NOTE 19. FINANCIAL INSTRUMENTS
(a) Financial Risk Management Objectives and Policies
The Group’s management of financial risk is aimed at ensuring net cash flows are sufficient to:
- meet all its financial commitments; and
- maintain the capacity to fund corporate growth activities
The Group monitors its forecast financial position on a regular basis.
Market, liquidity and credit risk (including foreign exchange, commodity price and interest rate risk) arise in the normal course of the Group’s business. These risks are managed under Board approved directives which underpin treasury practices and processes. The Group’s principal financial instruments comprise interest bearing debt, cash and short-term deposits and available for sale financial assets. Other financial instruments include trade receivables and trade payables, which arise directly from operations.

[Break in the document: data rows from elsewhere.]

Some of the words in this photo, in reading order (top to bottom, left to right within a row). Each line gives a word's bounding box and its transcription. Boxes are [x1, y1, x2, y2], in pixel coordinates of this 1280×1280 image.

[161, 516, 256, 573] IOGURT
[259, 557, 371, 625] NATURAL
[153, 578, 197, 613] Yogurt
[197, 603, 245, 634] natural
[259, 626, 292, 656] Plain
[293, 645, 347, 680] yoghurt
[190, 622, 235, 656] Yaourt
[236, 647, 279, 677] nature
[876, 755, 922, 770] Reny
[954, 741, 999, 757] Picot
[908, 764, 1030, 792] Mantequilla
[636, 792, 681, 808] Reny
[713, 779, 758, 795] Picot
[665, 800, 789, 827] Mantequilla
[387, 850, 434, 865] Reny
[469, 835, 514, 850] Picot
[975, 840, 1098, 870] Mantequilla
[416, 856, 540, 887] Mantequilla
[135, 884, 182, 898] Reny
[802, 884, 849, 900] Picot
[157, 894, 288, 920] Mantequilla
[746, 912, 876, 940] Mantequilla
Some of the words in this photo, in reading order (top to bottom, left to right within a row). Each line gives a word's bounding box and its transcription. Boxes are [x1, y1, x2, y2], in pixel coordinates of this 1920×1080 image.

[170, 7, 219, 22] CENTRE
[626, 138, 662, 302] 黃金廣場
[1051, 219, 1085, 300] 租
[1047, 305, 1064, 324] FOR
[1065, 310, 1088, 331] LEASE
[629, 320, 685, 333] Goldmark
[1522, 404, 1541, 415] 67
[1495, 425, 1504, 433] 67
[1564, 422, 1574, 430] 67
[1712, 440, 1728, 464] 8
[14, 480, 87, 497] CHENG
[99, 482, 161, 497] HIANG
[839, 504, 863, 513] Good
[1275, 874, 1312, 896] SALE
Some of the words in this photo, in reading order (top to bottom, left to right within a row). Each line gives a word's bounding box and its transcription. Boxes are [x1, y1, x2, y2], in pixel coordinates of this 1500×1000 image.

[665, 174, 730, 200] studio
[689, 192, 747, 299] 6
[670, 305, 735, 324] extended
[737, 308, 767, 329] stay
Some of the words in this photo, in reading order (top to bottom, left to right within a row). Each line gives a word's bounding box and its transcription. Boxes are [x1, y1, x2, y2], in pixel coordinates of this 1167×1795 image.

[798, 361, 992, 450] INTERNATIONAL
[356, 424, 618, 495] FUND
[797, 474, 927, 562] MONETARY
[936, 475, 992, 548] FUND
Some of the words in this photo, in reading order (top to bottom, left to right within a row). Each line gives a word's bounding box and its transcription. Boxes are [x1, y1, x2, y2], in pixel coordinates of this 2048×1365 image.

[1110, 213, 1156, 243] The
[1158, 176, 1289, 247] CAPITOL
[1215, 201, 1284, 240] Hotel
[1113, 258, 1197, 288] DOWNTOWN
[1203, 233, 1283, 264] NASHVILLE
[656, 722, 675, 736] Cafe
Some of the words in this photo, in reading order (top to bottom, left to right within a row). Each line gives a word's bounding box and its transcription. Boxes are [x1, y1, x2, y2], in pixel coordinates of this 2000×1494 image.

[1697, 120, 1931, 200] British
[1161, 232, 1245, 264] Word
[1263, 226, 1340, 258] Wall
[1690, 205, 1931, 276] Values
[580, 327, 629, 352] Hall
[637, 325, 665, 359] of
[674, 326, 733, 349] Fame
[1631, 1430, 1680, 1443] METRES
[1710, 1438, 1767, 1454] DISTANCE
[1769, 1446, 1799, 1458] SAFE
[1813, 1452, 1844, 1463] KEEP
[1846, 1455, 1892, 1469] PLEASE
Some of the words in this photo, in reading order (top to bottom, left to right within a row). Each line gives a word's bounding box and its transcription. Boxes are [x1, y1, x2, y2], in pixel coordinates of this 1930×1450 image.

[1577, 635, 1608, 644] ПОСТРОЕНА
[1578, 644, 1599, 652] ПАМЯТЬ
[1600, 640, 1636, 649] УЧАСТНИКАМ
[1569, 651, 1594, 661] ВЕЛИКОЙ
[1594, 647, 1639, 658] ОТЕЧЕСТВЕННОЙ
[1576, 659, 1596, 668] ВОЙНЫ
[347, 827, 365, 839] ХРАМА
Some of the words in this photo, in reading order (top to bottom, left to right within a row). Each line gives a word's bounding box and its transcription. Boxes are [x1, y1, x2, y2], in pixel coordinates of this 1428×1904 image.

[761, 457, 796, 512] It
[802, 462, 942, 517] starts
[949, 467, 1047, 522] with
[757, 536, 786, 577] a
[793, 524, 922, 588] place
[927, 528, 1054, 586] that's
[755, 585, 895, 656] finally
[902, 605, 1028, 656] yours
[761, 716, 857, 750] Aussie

The Group’s forecast financial risk position with respect to key financial objectives and compliance with treasury practice is regularly reported to the Board.
(b) Market Risk
(i) Foreign Exchange Risk
The Group operates internationally and is exposed to foreign exchange risk arising from various currency exposures.
Foreign exchange risk arises from future commitments, assets and liabilities that are denominated in a currency that is not the functional currency of the relevant Group company.
The Group’s borrowings and deposits are largely denominated in US dollars. Currently there are no foreign exchange hedge programmes in place. However, the Group treasury function manages the purchase of foreign currency to meet operational requirements.
The financial instruments exposed to movements in the Australian dollar are as follows:
|Cash and cash equivalents||3.8||0.6|
|Trade and other receivables||3.2||2.0|
|Available-for-sale financial assets||26.0||20.7|
|Trade and other payables||(9.3)||(9.0)|
The financial instruments exposed to movements in the Namibian dollar are as follows:
|Cash and cash equivalents||6.1||6.2|
|Trade and other receivables||17.2||13.2|
|Trade and other payables||(31.8)||(27.9)|
The following table summarises the sensitivity of financial instruments held at balance date to movements in the exchange rate of the Australian dollar to the US dollar and the Namibian dollar to the US dollar, with all other variables held constant. The 5% sensitivity is based on reasonably possible changes, over a financial year, using the observed range of actual historical rates for the preceding five year period.
|AUD/USD +5% (2010: +5%)||(0.1)||(0.2)||0.9||0.7|
|AUD/USD -5% (2010: -5%)||0.1||0.2||(1.0)||(0.8)|
|NAD/USD +5% (2010: +5%)||(0.3)||(0.3)||-||-|
|NAD/USD -5% (2010: -5%)||0.3||0.3||-||-|
(ii) Interest Rate Risk
Interest rate risk is the risk that the Group’s financial position will be adversely affected by movements in interest rates that will increase the cost of floating rate debt or opportunity losses that may arise on fixed rate borrowings in a falling interest rate environment. Interest rate risk on cash and short-term deposits is not considered to be a material risk due to the short-term nature of these financial instruments.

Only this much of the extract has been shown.